Spatial localization data
========

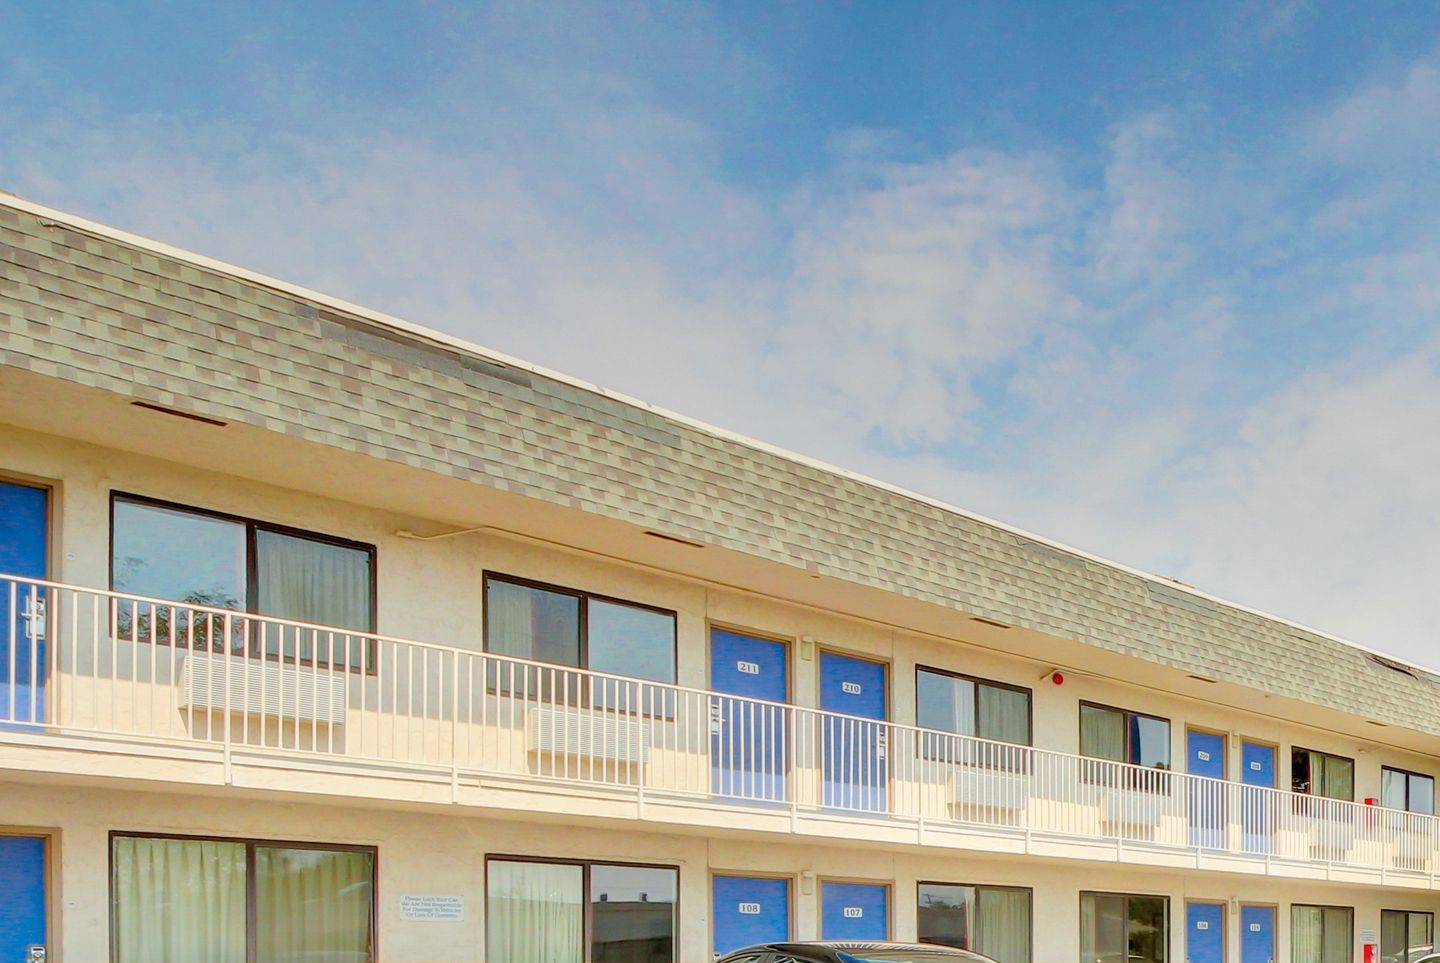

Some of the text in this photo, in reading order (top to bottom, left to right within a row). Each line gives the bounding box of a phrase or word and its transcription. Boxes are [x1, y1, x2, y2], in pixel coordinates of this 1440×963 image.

[739, 662, 757, 674] 211
[843, 683, 860, 694] 210
[741, 904, 758, 913] 108
[845, 908, 861, 917] 107
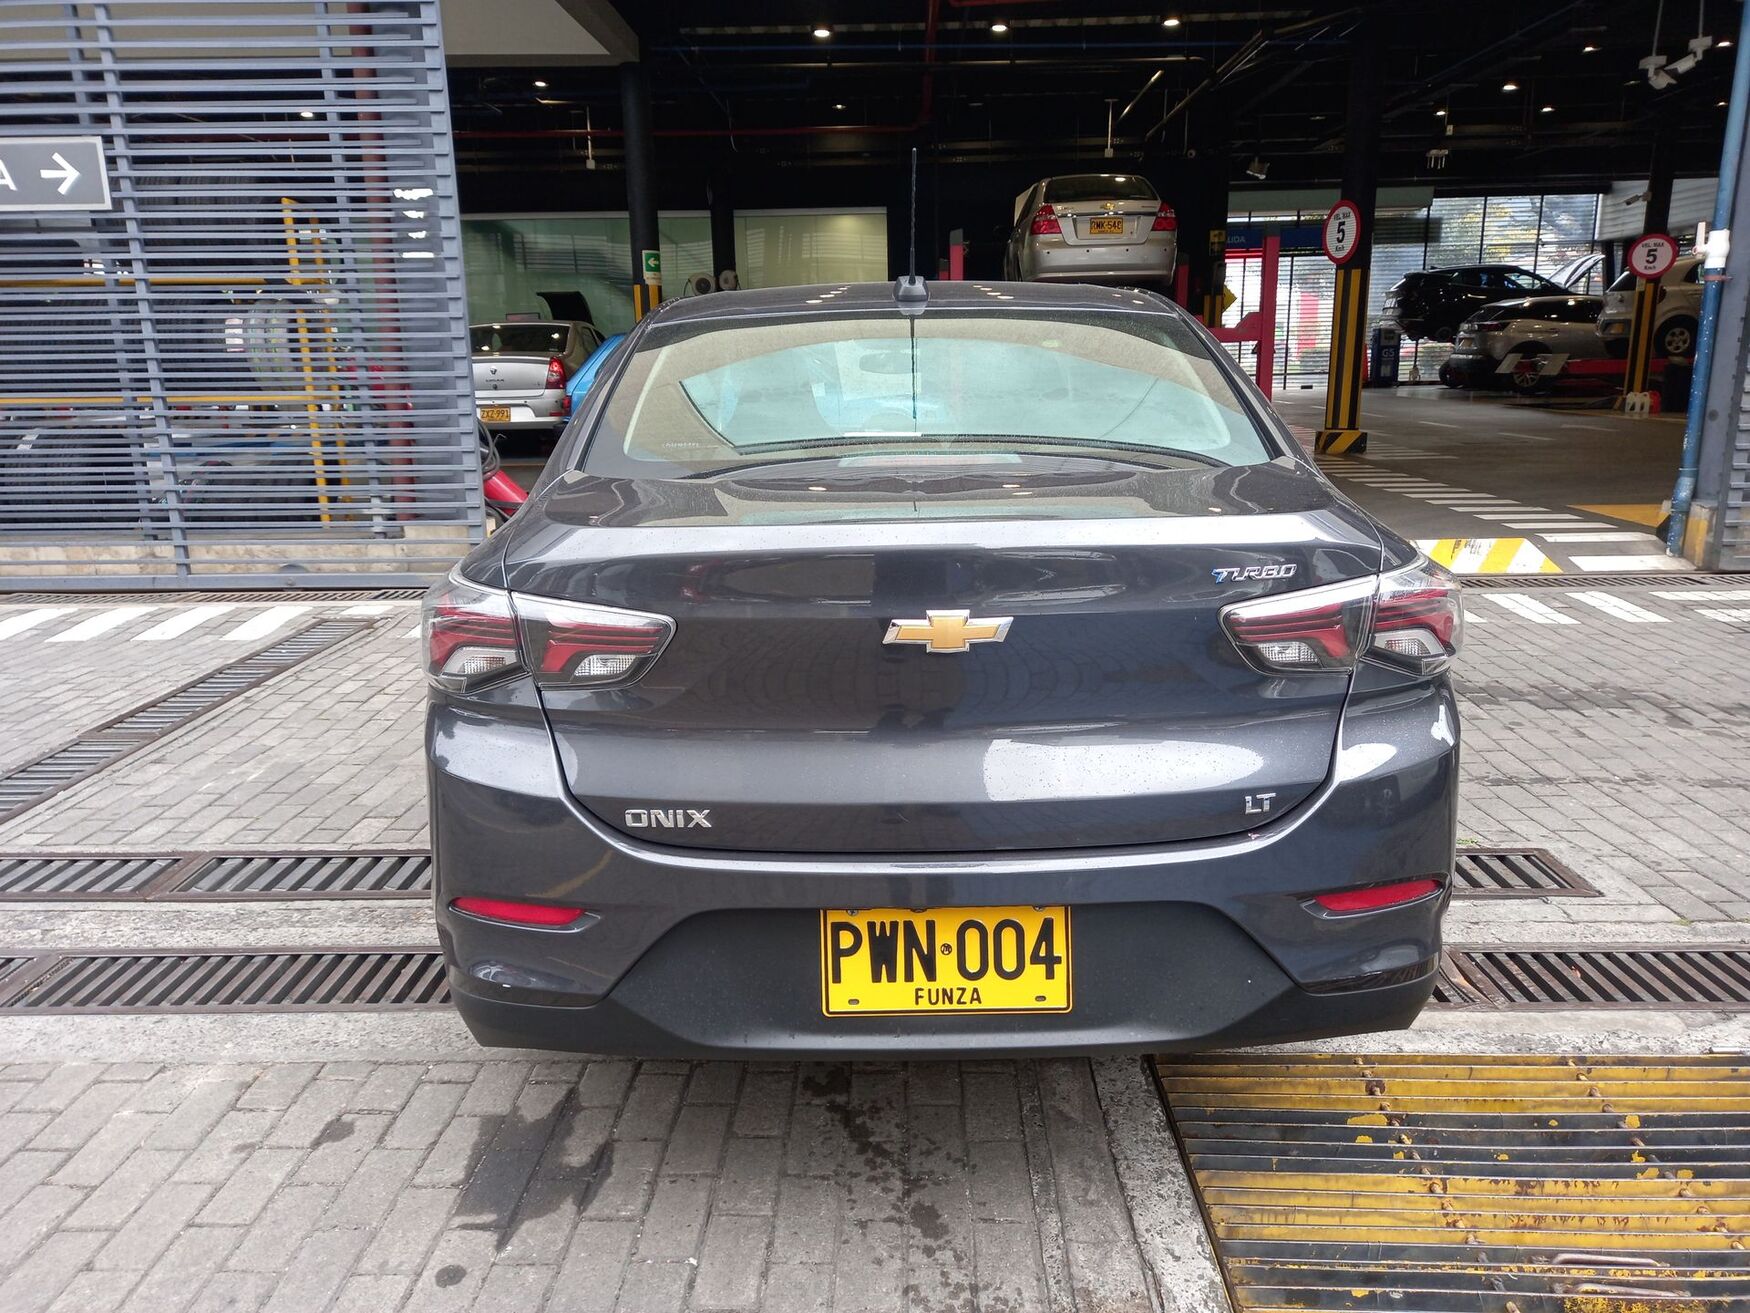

========

**Exercise brief:**
The data above, line by line: transcribe it exactly and drop the pictures.

**Response to the exercise:**
Some of the text in this photo, in reading order (top to bottom, left to right within a row). Each line gives the bounding box of a phrase or word and its transcription. Boxes are [x1, y1, x2, y2], in pixel coordinates of this 1440×963 image.

[739, 662, 757, 674] 211
[843, 683, 860, 694] 210
[741, 904, 758, 913] 108
[845, 908, 861, 917] 107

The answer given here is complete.